A “pay up or else” threat was recently leveled against a healthcare company, something every business hopes won’t ever happen to them. Hackers claim they have sensitive customer health data belonging to customers of Medibank, Australia’s largest healthcare insurer. Healthcare providers worldwide should pay close attention to this ransomware threat since we know it’s only a matter of time before we see similar attacks here in the U.S.
Healthcare as a Ransomware Target
The healthcare sector continues to be one of the largest targets for ransomware attacks due to the highly sensitive nature of the data they hold. Sophos’ “State of Ransomware in Healthcare” report finds 66% of healthcare organizations say they were hit by ransomware in 2021, nearly double the reported 34% in 2020.

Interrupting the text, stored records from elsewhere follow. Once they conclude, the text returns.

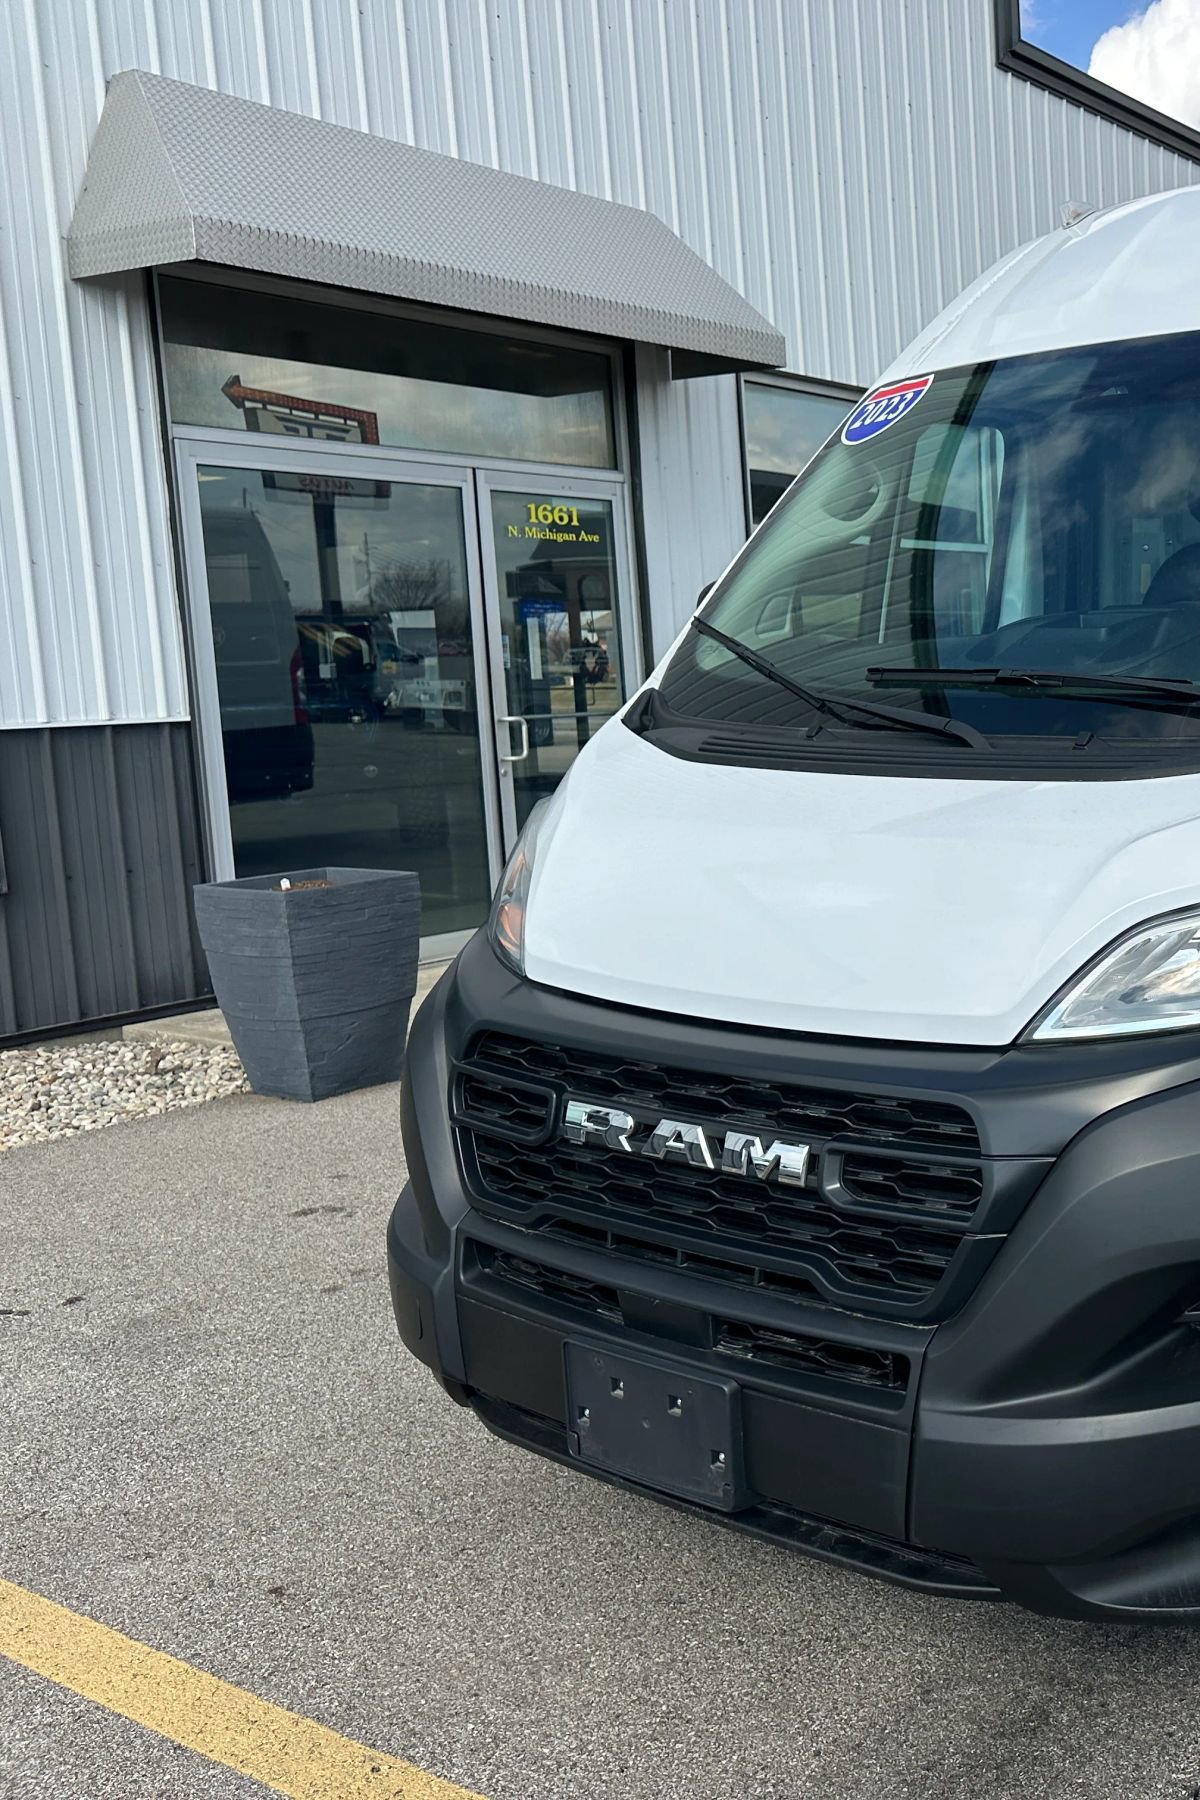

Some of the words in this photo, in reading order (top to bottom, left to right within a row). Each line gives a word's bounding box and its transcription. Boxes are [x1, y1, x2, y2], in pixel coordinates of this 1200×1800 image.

[848, 391, 914, 430] 2023
[527, 503, 580, 526] 1661
[507, 525, 522, 538] N.
[524, 527, 576, 542] Michigan
[578, 530, 600, 543] Ave
[564, 1100, 810, 1188] RAM
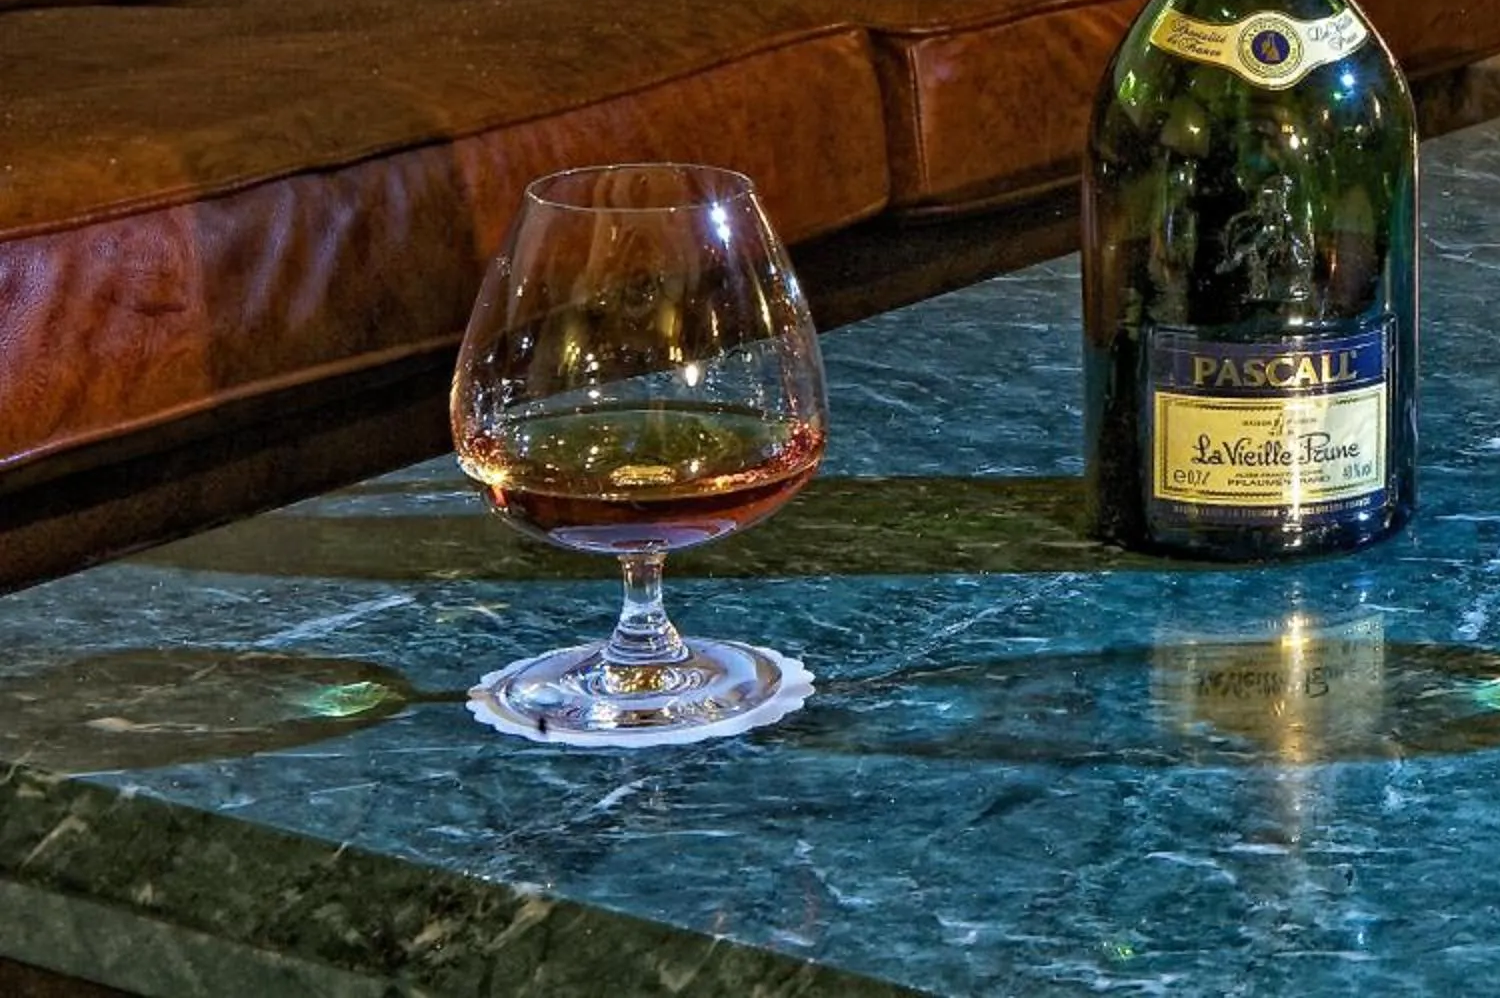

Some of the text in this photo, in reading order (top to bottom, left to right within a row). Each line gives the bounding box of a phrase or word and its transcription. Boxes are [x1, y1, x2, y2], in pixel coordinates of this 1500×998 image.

[1193, 351, 1358, 389] PASCALL
[1191, 431, 1361, 467] La Vieille Prune

It’s a tragic scenario for any healthcare company when the lives of their customers hang in the balance. That’s also what makes this industry a huge target for ransomware attacks and the likelihood that ransoms get paid, and quickly.
In this attack, hackers are extorting Medibank with their own customer data to get the ransom paid. It’s a departure from typical ransomware attacks that encrypt a company’s data and then demand a ransom payment to get the data decrypted and back in use.

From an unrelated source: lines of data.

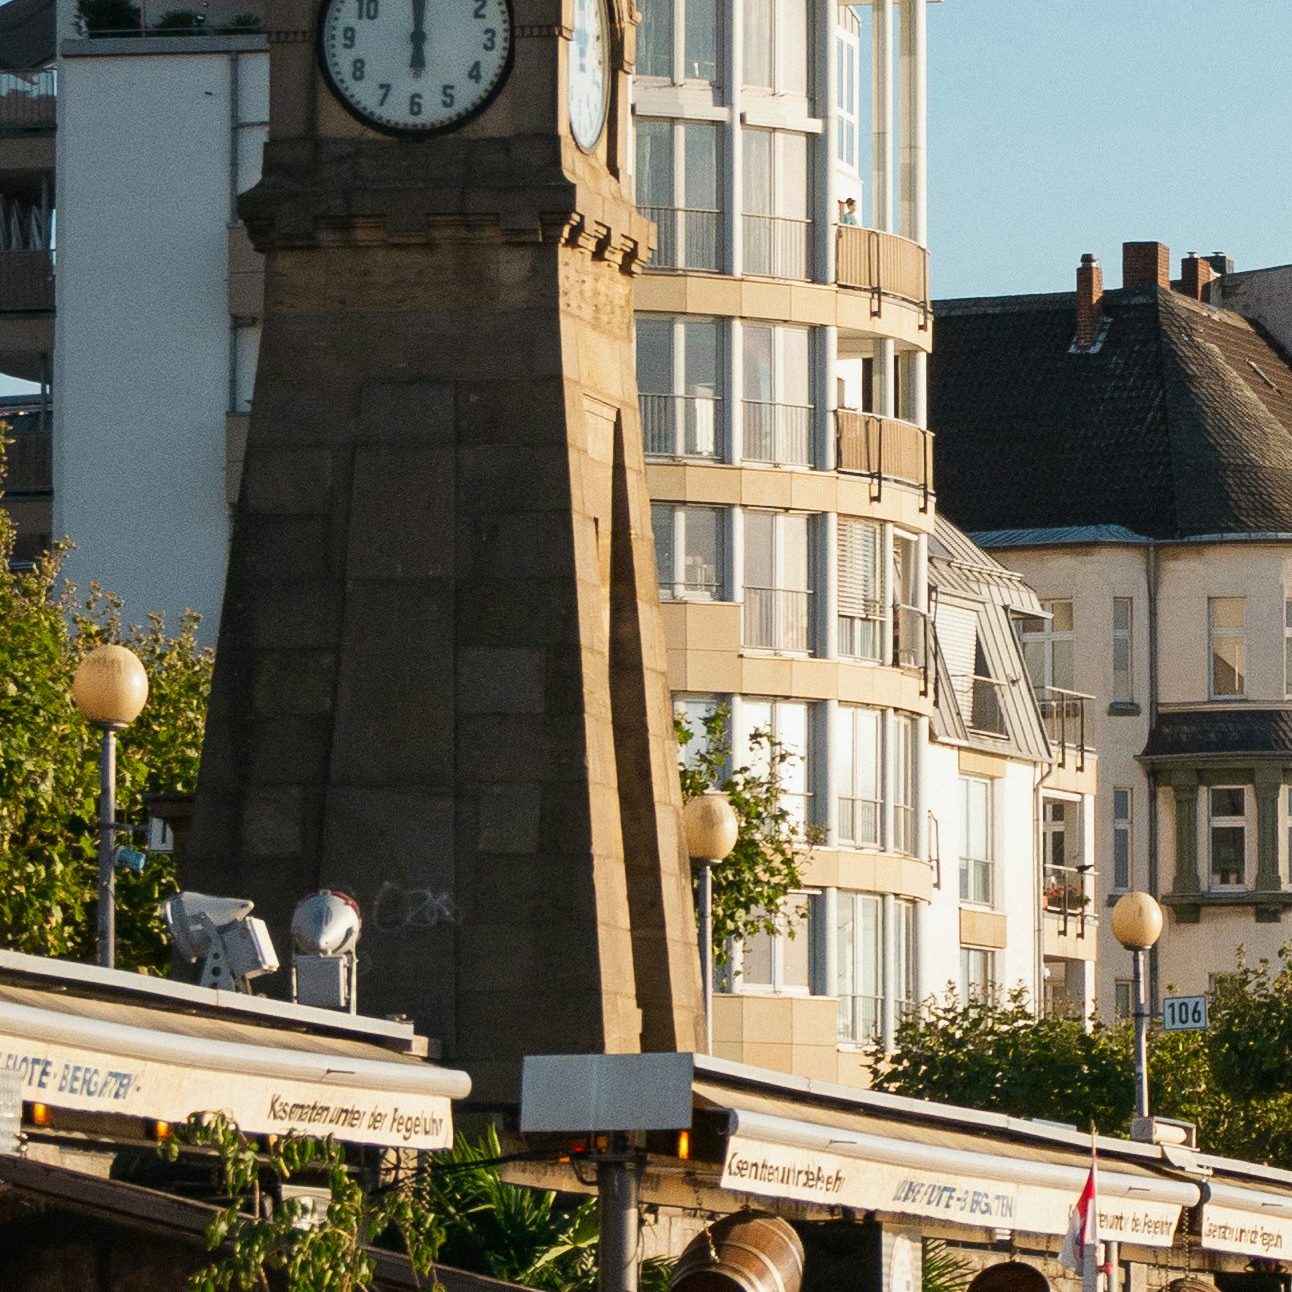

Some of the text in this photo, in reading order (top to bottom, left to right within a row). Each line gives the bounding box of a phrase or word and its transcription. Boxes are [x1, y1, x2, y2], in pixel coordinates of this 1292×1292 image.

[342, 27, 356, 49] 9
[483, 28, 496, 51] 3
[352, 58, 366, 81] 8
[467, 61, 481, 84] 4
[377, 83, 392, 107] 7
[409, 92, 423, 116] 6
[441, 85, 455, 108] 5
[1167, 1000, 1203, 1026] 106

Medibank, a publicly traded company, went so far as halting trading of their shares on the Australian Stock Exchange for the second time since being threatened, fearful of a shareholder sell-off. Medibank first stopped trading after finding “unusual activity” in their network the company says is “consistent with the precursor to a ransomware event…” Medibank notes “The trading halt will continue until further notice.”
Chilling Threats from Attackers
Attackers have threatened to sell 200 gigs of sensitive customer data including credit card numbers and health records. A Sydney newspaper claims they have a copy of the ransom note, reporting the attackers would email 1,000 of Medibank’s “most prominent” customers with their hijacked data. Hackers reportedly pushed another threat, saying "Also we've found people with very interesting diagnoses. And we'll email them their information…"
With the medical sector well aware of being a huge target for ransomware attacks, some continue doing business with their fingers crossed, hoping they’re not the next victim. Responsible companies embrace the unpleasant truth and take actions to prevent ransomware attacks. One such action includes educating staff about how easily attacks happen, what to look for, and how to react. Ongoing cyber awareness training, specifically with respect to phishing threats, is a small investment for a potentially large return on that investment. Since staffers are often the first line of defense against cyberattacks, a cyber-smart staff is a vital part of protecting healthcare companies and their customer’s data.